I assume this is for educational purpose (production code would use a SQL database and some ORM):

try:
    # python 2.x
    input = raw_input
except NameError:
    # python 3.x
    pass


class AlreadyExists(ValueError):
    pass


class DoesNotExist(LookupError):
    pass


class FooCollection(object):
    def __init__(self):
        self._foos = {}

    def add(self, foo):
        if foo.name in self._foos:
            raise AlreadyExists("Foo with name '{}' already exists".format(foo.name))
        self.update(foo)

    def update(self, foo):
        self._foos[foo.name] = foo    

    def get(self, name):
        try:
            return self._foos[name]
        except KeyError:
            raise DoesNotExist("no Foo named '{}'".format(name))


class Foo(object):
    def __init__(self, name, age):
        self._name = name
        self._age = age

    # we at least need to be able to read the name   
    @property
    def name(self):
        return self._name

    def __repr__(self):
        return "Foo({}, {})".format(self._name, self._age)


def main():
    foos = FooCollection()     
    blablue = Foo('bla blue', '23')
    foos.add(blablue)

    name = input('enter your name: ').strip()
    try:
        print("found {}".format(foos.get(name)))
    except DoesNotExist as e:
        print(e)

if ___name__ == "__main__":
    main()

The principle here is to have a storage for your instances.

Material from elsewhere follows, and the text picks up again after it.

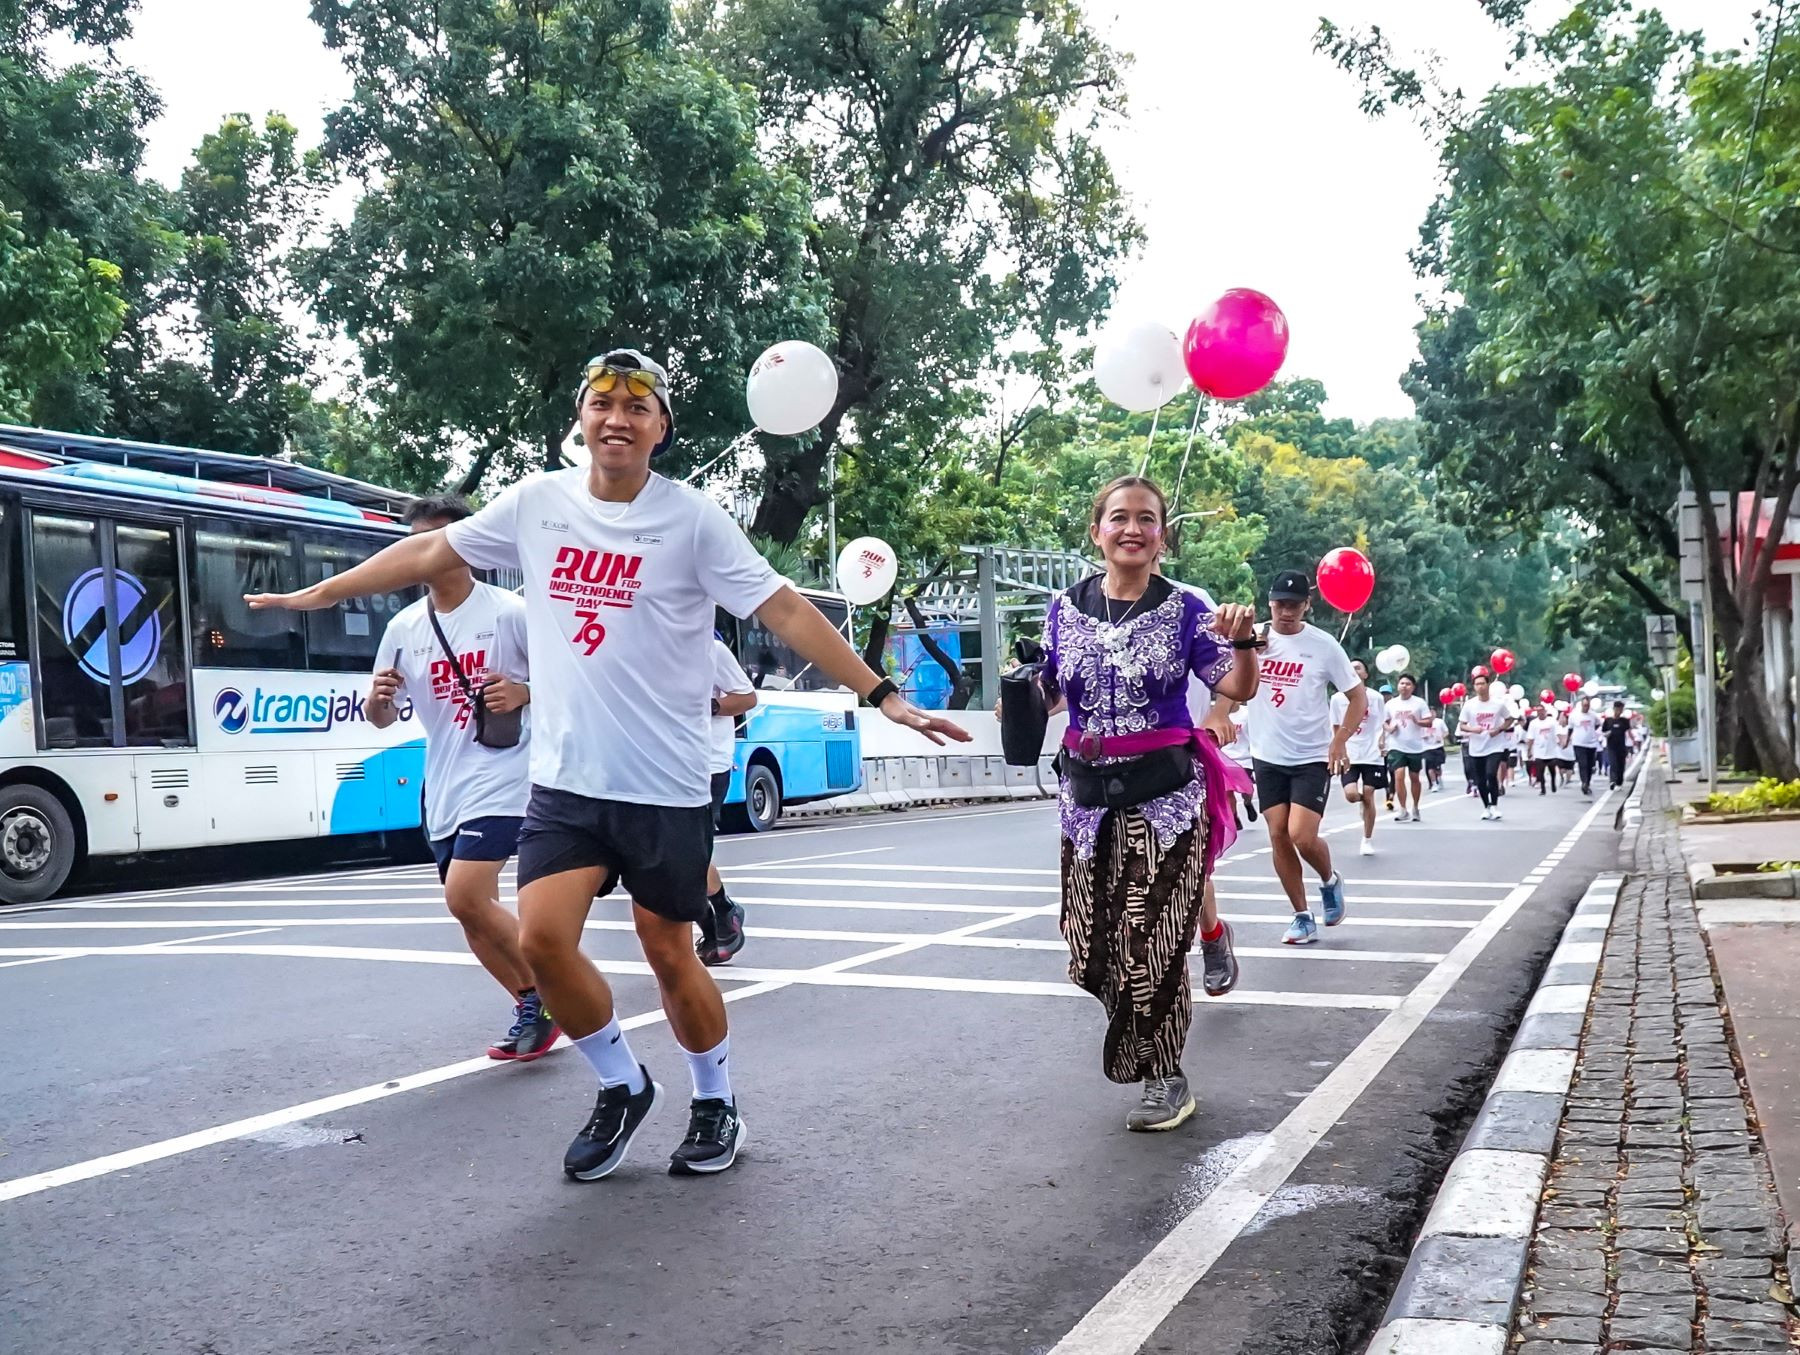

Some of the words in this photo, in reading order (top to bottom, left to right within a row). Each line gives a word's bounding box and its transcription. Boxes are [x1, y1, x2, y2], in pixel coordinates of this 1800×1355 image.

I chose a dict for fast lookup with the Foo.name as key, in real life you'd probably want an opaque unique identifier for each instance and multiple indexes (i.e. one by id, one by name etc) - but actually in real life you would use a SQL database that already provide all those features in a much more optimized way ;-)

Also, I wrapped the dict in a dedicated class with its own interface. This allows to decouple the interface from the implementation (if you later decide you want more indexes than just name for example), and encapsulate domain logic too (i.e. checking you don't accidentally overwrite an existing Foo).